### TASK ITEM
Give back all of the data exactly as it stands, with the pictures removed.

++++ EXTRACTED MATERIAL

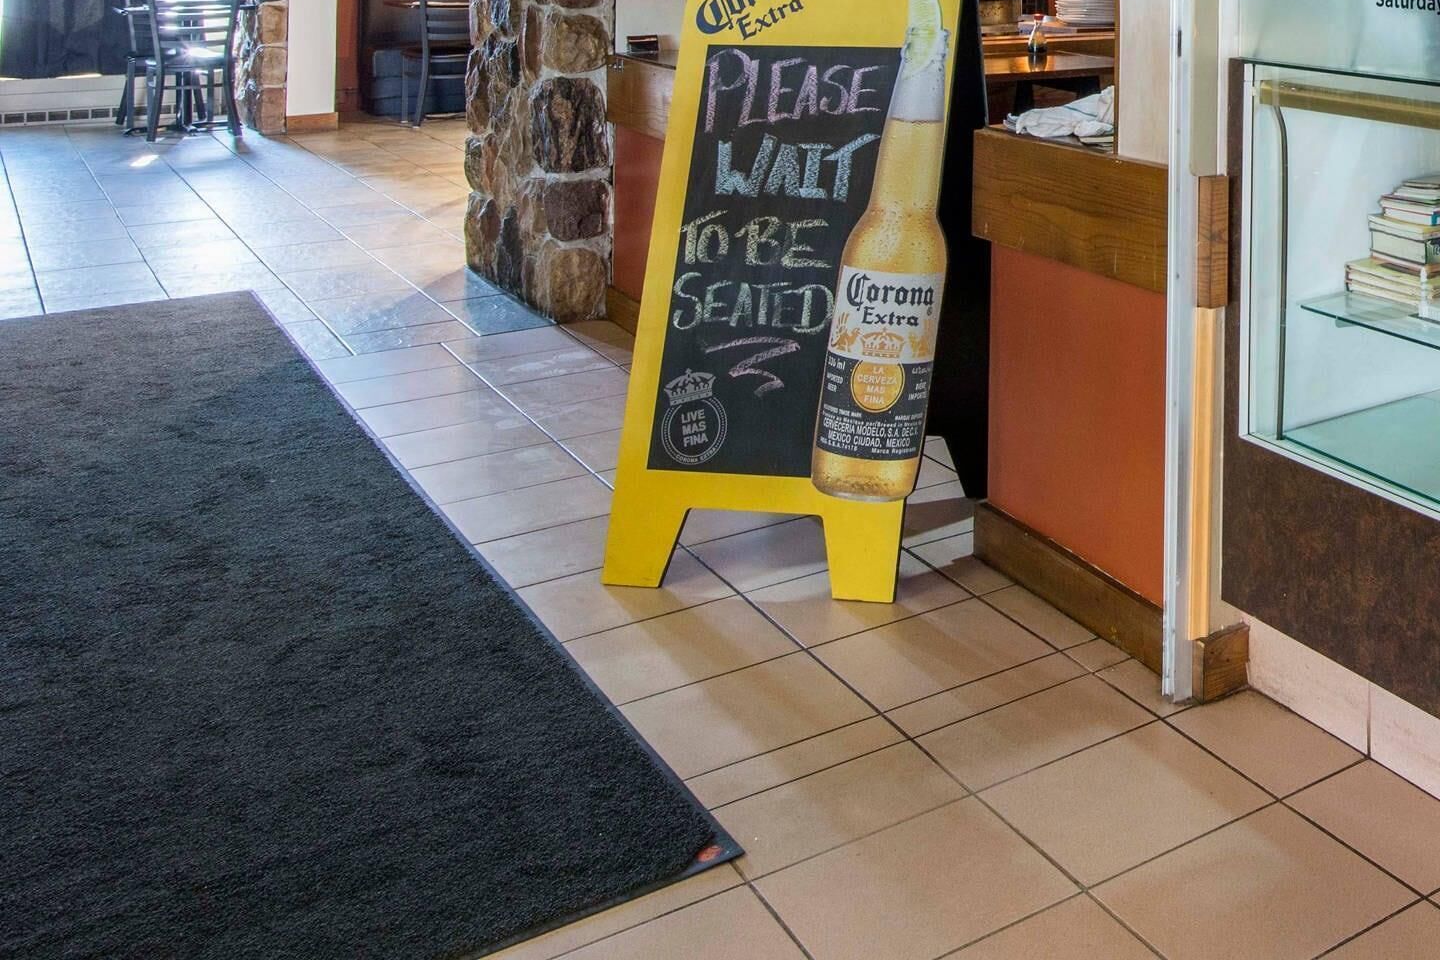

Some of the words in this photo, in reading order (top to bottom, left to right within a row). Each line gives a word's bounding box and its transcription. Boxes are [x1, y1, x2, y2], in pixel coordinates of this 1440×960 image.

[705, 48, 884, 133] PLEASE
[714, 133, 880, 203] WAIT
[679, 210, 728, 265] TO
[735, 215, 832, 269] BE
[846, 272, 935, 311] Corona
[673, 271, 835, 334] SEATED
[861, 305, 919, 327] Extra
[857, 374, 898, 384] CERVEZA
[873, 366, 885, 374] LA
[864, 395, 885, 405] FINA
[680, 408, 706, 424] LIVE
[682, 420, 707, 436] MAS
[823, 417, 855, 435] CERVECERIA
[683, 432, 709, 448] FINA
[828, 430, 851, 444] MEXICO
[886, 438, 911, 448] MEXICO
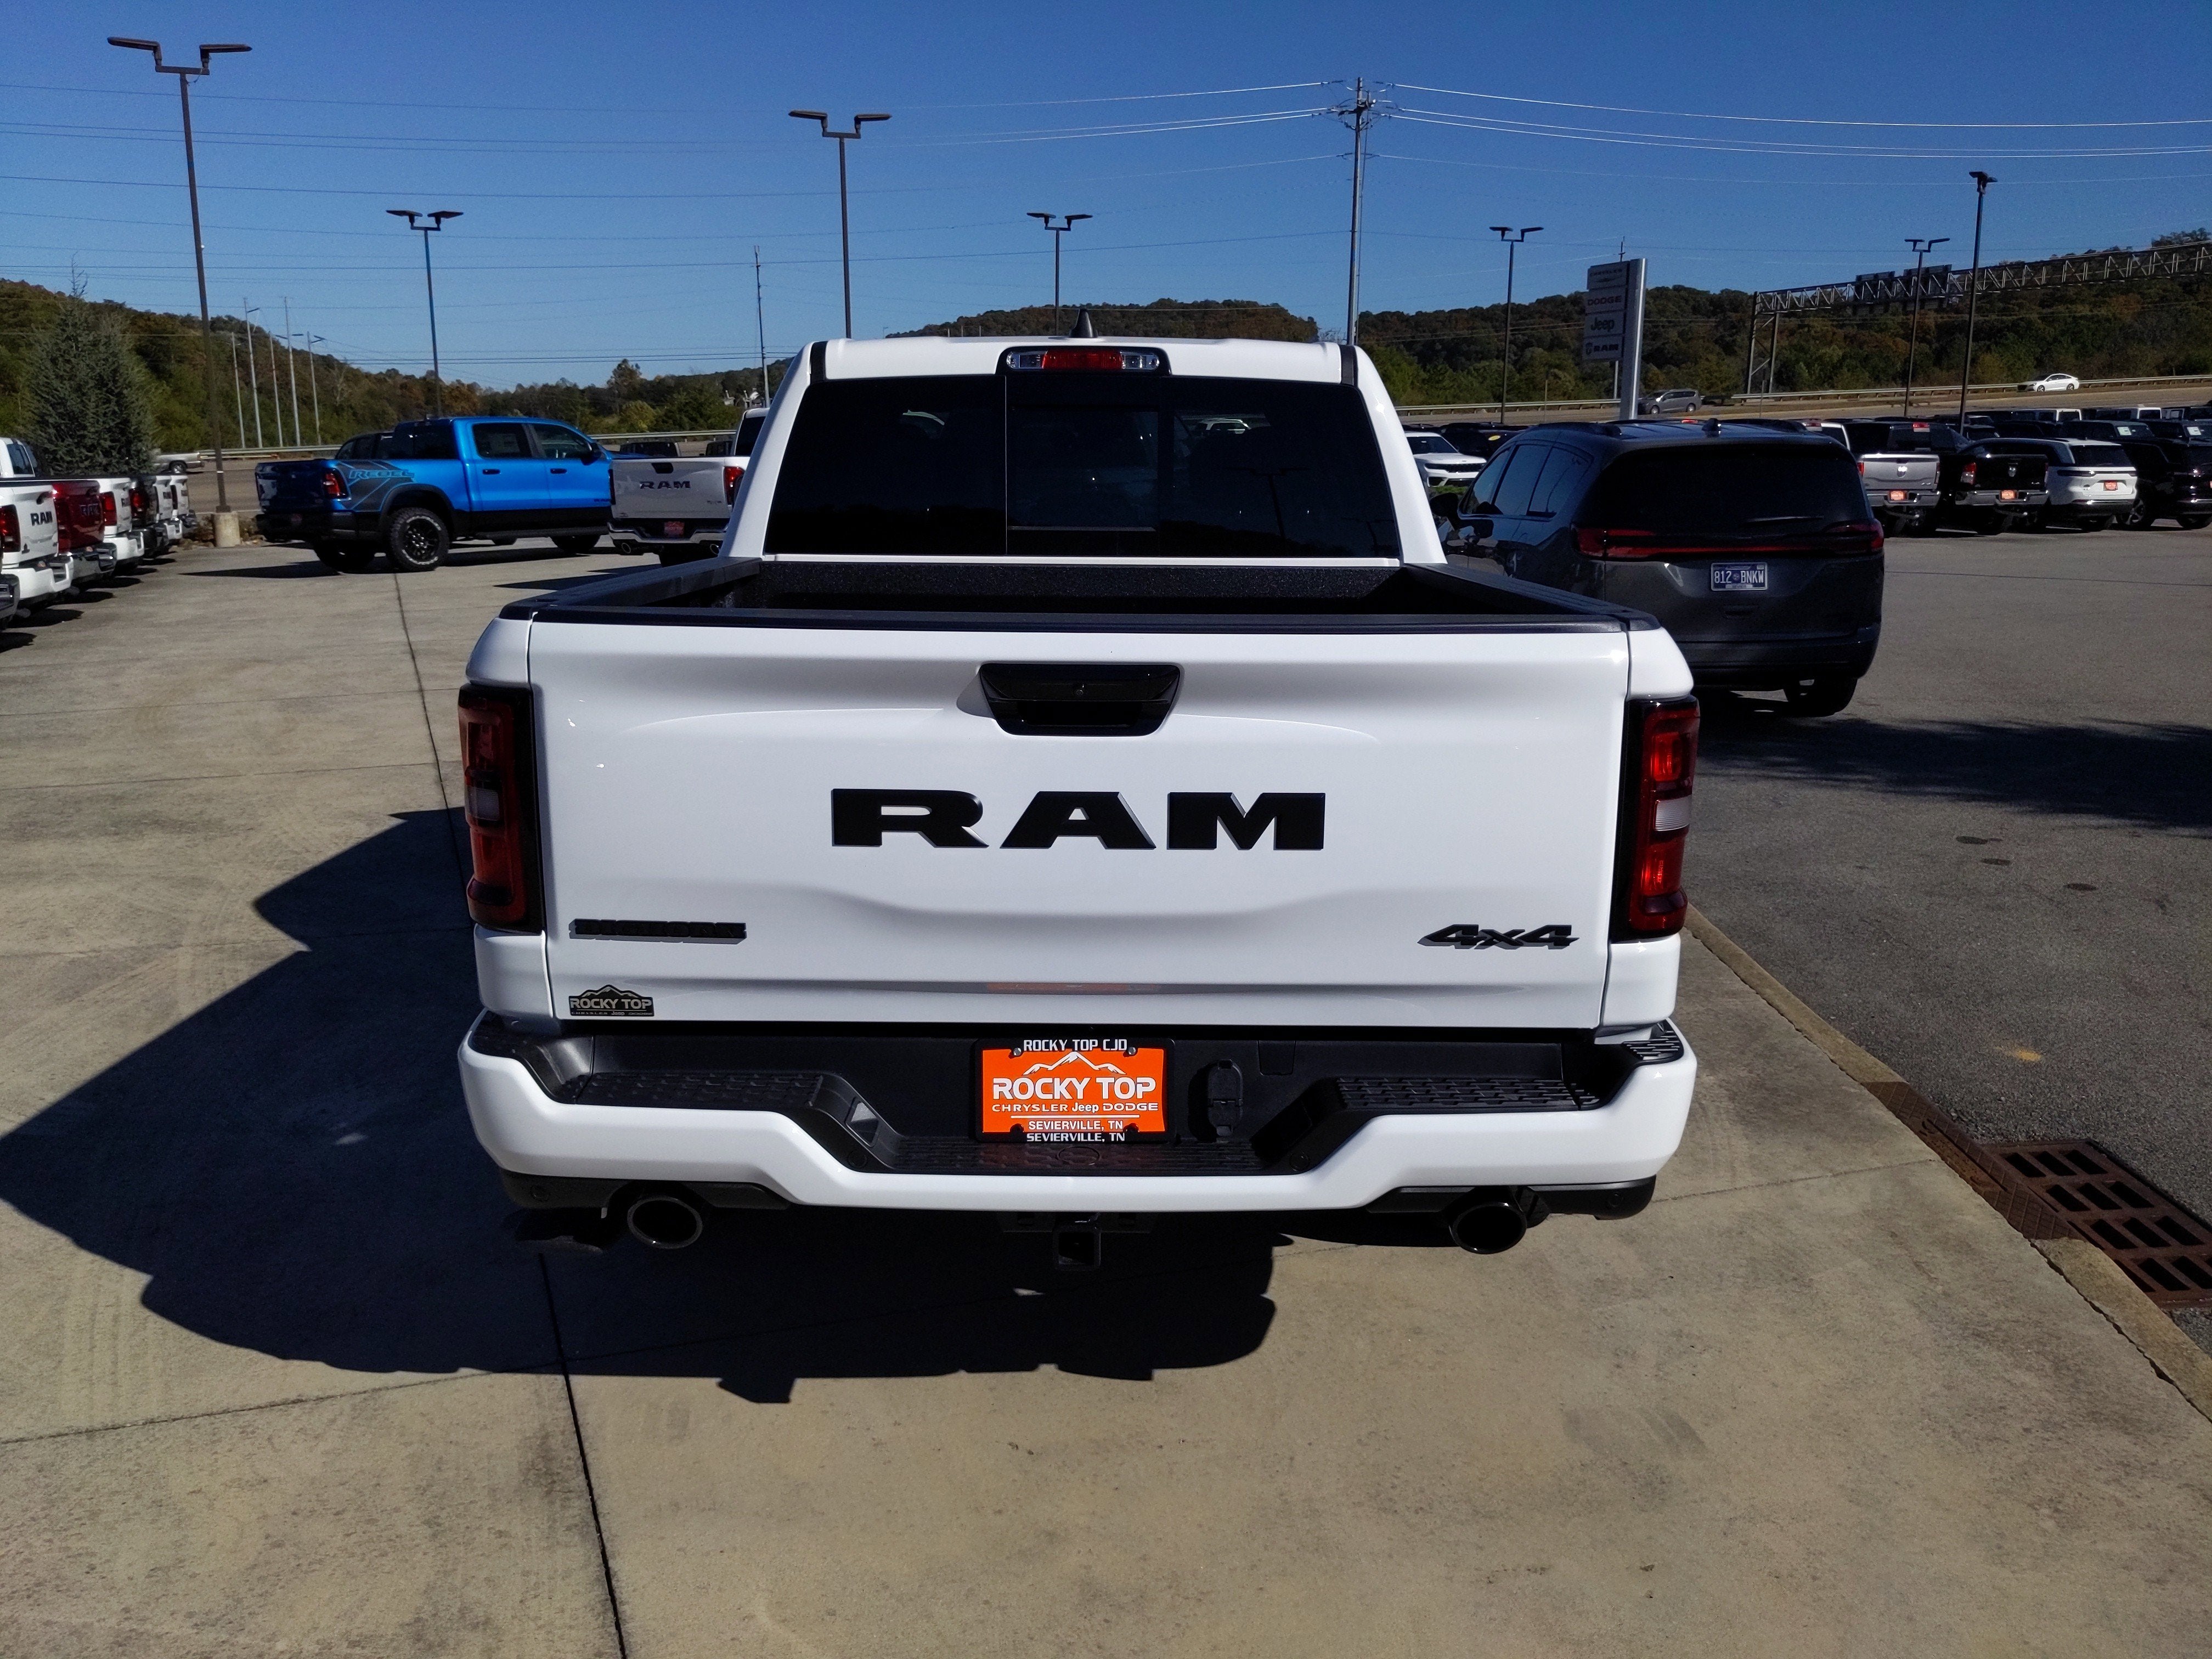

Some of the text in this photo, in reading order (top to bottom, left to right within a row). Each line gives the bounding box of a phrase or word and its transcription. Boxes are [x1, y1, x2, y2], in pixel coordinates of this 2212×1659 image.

[1588, 295, 1622, 306] DODGE
[1590, 317, 1615, 332] Jeep
[1594, 343, 1618, 352] RAM
[640, 481, 691, 489] RAM
[30, 511, 53, 527] RAM
[1714, 571, 1764, 583] 812 BNKW
[832, 788, 1325, 850] RAM
[1417, 924, 1580, 950] 4x4
[569, 998, 652, 1009] ROCKY TOP
[1024, 1039, 1127, 1051] ROCKY TOP CJD
[993, 1077, 1156, 1099] ROCKY TOP
[992, 1102, 1158, 1113] CHRYSLER Jeep DODGE
[1028, 1120, 1123, 1131] SEVIERVILLE, TN
[1026, 1132, 1125, 1142] SEVIERVILLE, TN

++++++++

### RESULT OF THE EXERCISE
Some of the words in this photo, in reading order (top to bottom, left to right within a row). Each line gives a word's bounding box and its transcription. Boxes are [x1, y1, x2, y2], in pixel coordinates of this 1440×960 image.

[705, 48, 884, 133] PLEASE
[714, 133, 880, 203] WAIT
[679, 210, 728, 265] TO
[735, 215, 832, 269] BE
[846, 272, 935, 311] Corona
[673, 271, 835, 334] SEATED
[861, 305, 919, 327] Extra
[857, 374, 898, 384] CERVEZA
[873, 366, 885, 374] LA
[864, 395, 885, 405] FINA
[680, 408, 706, 424] LIVE
[682, 420, 707, 436] MAS
[823, 417, 855, 435] CERVECERIA
[683, 432, 709, 448] FINA
[828, 430, 851, 444] MEXICO
[886, 438, 911, 448] MEXICO

Some of the text in this photo, in reading order (top to bottom, left to right within a row). Each line gives the bounding box of a phrase or word and its transcription. Boxes are [x1, y1, x2, y2], in pixel coordinates of this 2212×1659 image.

[1588, 295, 1622, 306] DODGE
[1590, 317, 1615, 332] Jeep
[1594, 343, 1618, 352] RAM
[640, 481, 691, 489] RAM
[30, 511, 53, 527] RAM
[1714, 571, 1764, 583] 812 BNKW
[832, 788, 1325, 850] RAM
[1417, 924, 1580, 950] 4x4
[569, 998, 652, 1009] ROCKY TOP
[1024, 1039, 1127, 1051] ROCKY TOP CJD
[993, 1077, 1156, 1099] ROCKY TOP
[992, 1102, 1158, 1113] CHRYSLER Jeep DODGE
[1028, 1120, 1123, 1131] SEVIERVILLE, TN
[1026, 1132, 1125, 1142] SEVIERVILLE, TN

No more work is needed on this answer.